I santi Cosma e Damiano furono sepolti nella città di Ciro, in Cilicia. Anni dopo, più o meno nel VI secolo, l’imperatore Giustiniano, guarito da una grave malattia per l’intercessione dei due santi, andò a pregare sulla loro tomba, fece innalzare a basilica la loro chiesa e dispose la fortificazione della città di Ciro. Gli scambi commerciali tra Roma e l’Oriente facilitarono la diffusione in Occidente della fama dei due martiri. Poco tempo dopo, nel 528, a opera di papa Felice IV, le loro reliquie furono trasportate a Roma, e in loro onore fu edificata la grande basilica esistente nel Foro Romano. In Oriente sorsero numerose chiese dedicate a Cosma e Damiano. La più famosa fu la basilica costruita a Costantinopoli, proclamata santuario nazionale, alla quale accorrevano malati di ogni ceto sociale per chiedere miracoli. In questa basilica avveniva il rito detto “dell’incubazione”. Secondo la tradizione i malati venivano adagiati su poveri giacigli, mentre gli altri fedeli trascorrevano la notte in preghiera. Durante il sonno miracolosamente Cosma e Damiano intervenivano per guarirli.
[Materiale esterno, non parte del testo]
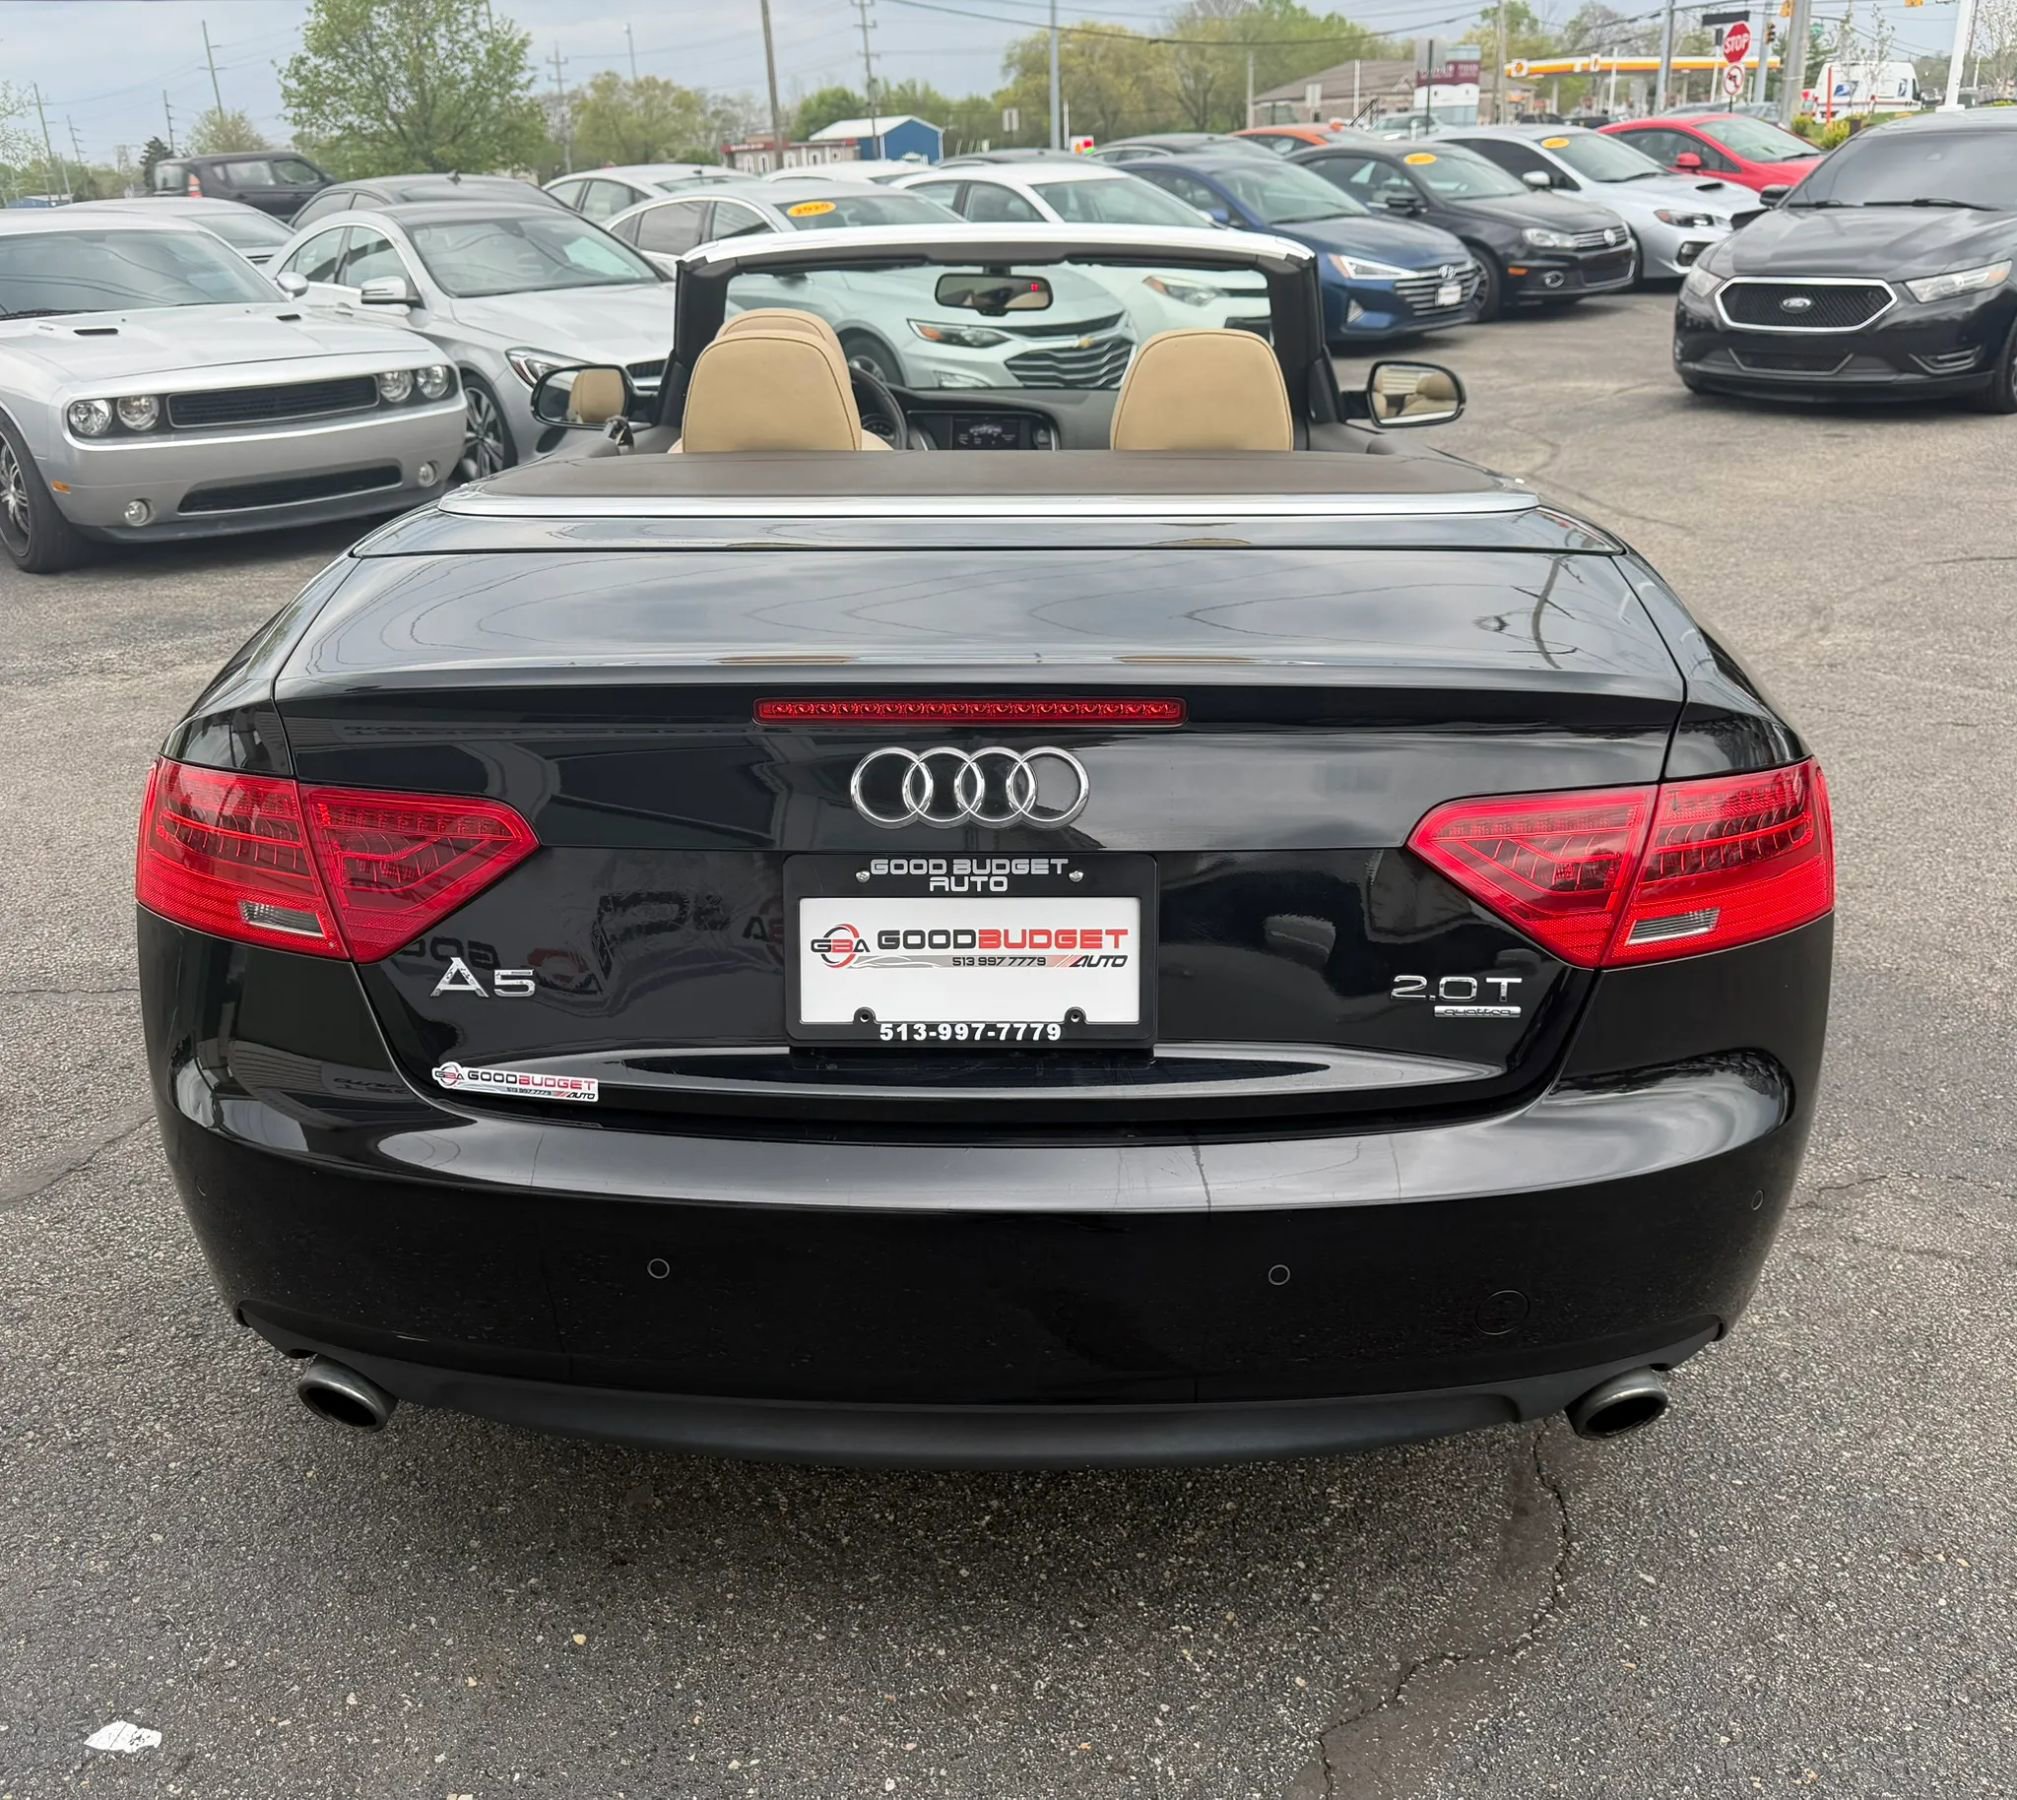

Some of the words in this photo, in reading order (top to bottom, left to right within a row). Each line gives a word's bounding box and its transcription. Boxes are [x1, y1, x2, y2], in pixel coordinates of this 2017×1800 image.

Mentre il culto dei due fratelli si diffondeva nel mondo, in Italia la loro fama aumentò nel Quattrocento, al tempo dei Medici. A causa probabilmente del loro nome di famiglia, essi elessero i due santi a propri patroni, facendoli oggetto di un culto intensissimo. Il capostipite della casata diede i loro nomi a due suoi figli e agli Uffizi c’è una pala di Botticelli, commissionatagli dai Medici, che ci mostra sotto le spoglie dei santi i ritratti di Lorenzo e Giuliano inginocchiati dinanzi alla Vergine. Cosma e Damiano, questi “atleti di Dio” hanno gridato al mondo, con la loro vita e la loro morte, la verità di Cristo. Il loro messaggio di carità e di fede attraversa i secoli e giunge fino a noi proponendoci Dio come “l’unica ancora cui affidarsi, l’unico orizzonte su cui stagliare le nostre scelte”.